Thursday, September 11, 2014

Why God Doesn't Explain

I've just started a new bible study on Job. Its one of those books I've always had really mixed feelings about studying, just like the book of Revelation. Maybe that sounds terrible to some people, but its truly how I feel if I'm totally honest. Perhaps its because it evokes deep fears in me about when I'm going to go through my Job season. If I'm going to go through a Job season. Perhaps because I really identify most times with Job's friend's perspective more than I want to admit. I think I do hope that fearing God and turning away from evil will allow me to avert disaster in my life.

But one of the questions that has always haunted me in studying this book is "Why didn't God tell Job why all this was happening?" Its one of those questions that really bothers me because none of the commentaries ask it. Perhaps it seems too irreverent or too obvious but its the obvious questions that needs to be answered. God's answer to Job is only about Himself. It has nothing to do with Job or with what Job has done or about God's conversation with Satan. It is all about what God knows and what He has done. It doesn't really seem to answer Job's question or ours.

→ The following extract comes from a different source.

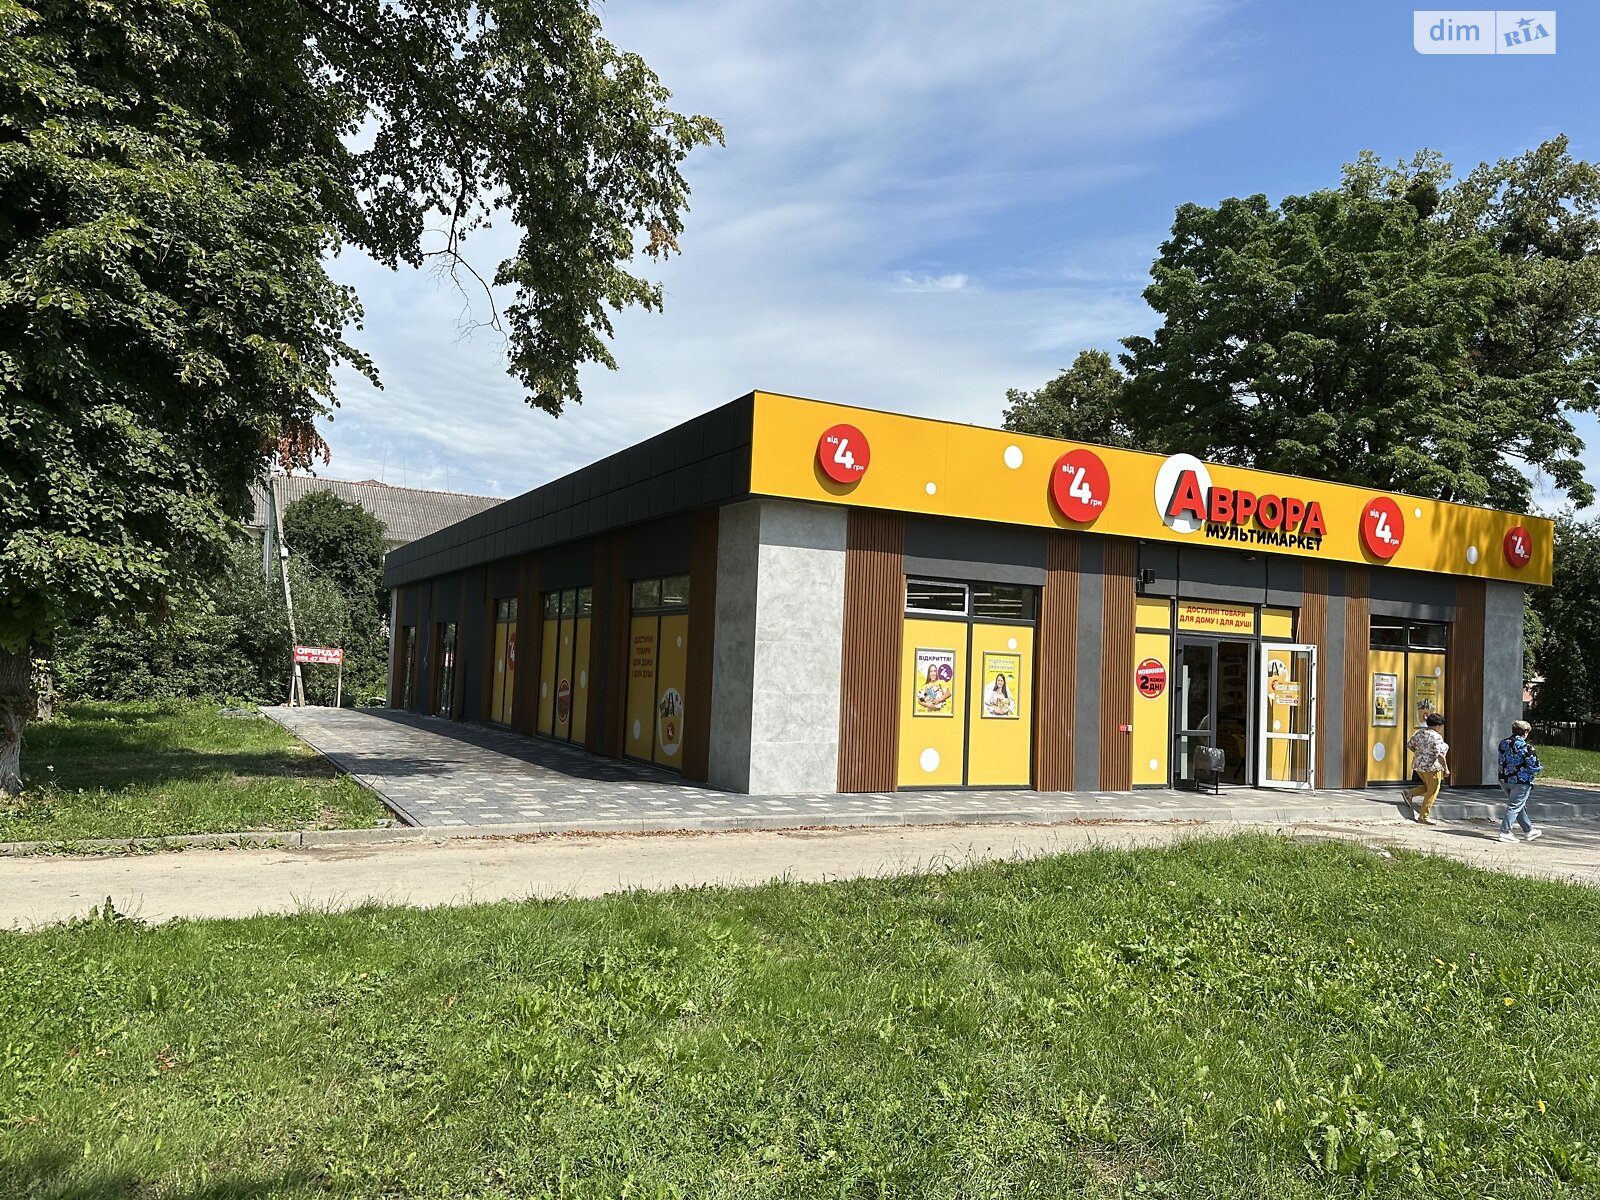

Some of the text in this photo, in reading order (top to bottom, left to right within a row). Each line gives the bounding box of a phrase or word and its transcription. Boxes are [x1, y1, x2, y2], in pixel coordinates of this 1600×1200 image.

Today though reading chapter one again I had a bit of a breakthrough.  I realized that the question is answered in why God told Satan about Job. Up until today I have always thought that God brought Job to Satan's attention because Satan doesn't believe in love or trust. He doesn't get it. And that why God points out Job. But today I had a new thought: God triggers this event by pressing his enemies' obvious button, not for Satan's benefit but for Job's. In allowing the enemy to go after all the things that appear to be his life, he truly discovers what his life is truly found in.

But the other thing that was clear to me today was that the reason God didn't bring up His discussion with Satan to Job is that it actually wasn't relevant. Because God really wants Job to see what He already knew. He wasn't making Job simply a pawn. Yes He was using Job to shine the truth of His love through him, but he wasn't a pawn.  He was working out the same principle Paul tells us in Romans 8:28: That God causes ALL things to work together for those who love Him, for those who are the called according to His purpose. He wanted Job to know that He was Job's anchor. Job's everything. But Job couldn't fully know that until it was all gone. All stripped away. The chapters that God spends asking Job if He knows the ways of creation and the threshold of wisdom is because He is wanting to remind Job of one true fact. The only fact that truly matters in this life: God is greater. Greater than our lives, our defeats, our sin, our suffering, our loss, our grief, our despair. He is greater. And realizing that He can be our everything in the face of nothing, in the face of an absolute void in our lives, He is our rock. The anchor for our soul. Because when we know this, our joy, our fulfillment, our purpose, our hope isn't fragile.

Because its Him. And even if our lives are stripped down to nothing, He is our all. He is enough. What freedom to know that our stability, our source of strength is not a fragile. It is not a thing, not rooted in a stage, in a circumstance or even an outcome, but in the person who is the Alpha and the Omega, the beginning and the End.  God didn't tell Job about Satan because God wasn't using Job to show Satan something. God was using Satan to show Job something. Something that is true for all of us who call Him Savior.  He is always working in the lives of His beloved to show us this one truth: Nothing can separate us from the love of God. As Paul said, "For I am convinced that neither death nor life, neither angels nor demons, neither the present, nor the future, nor any powers, neither height nor depth, nor anything else in all creation, will be able to separate us from the love of God that is in Christ Jesus our Lord.  The gift of the voids in our lives is that in staring into them, we know that just as in Genesis 1, the Spirit of God hovers over the surface of that void. Ready to create from the deep a new thing.  And so while none of us in our flesh can truly welcome the void, we can begin to rest slowly, slowly as the knowledge of Job's encounter sinks in. In the face of any future, any loss, any unforeseeable outcome one thing is sure: God is greater.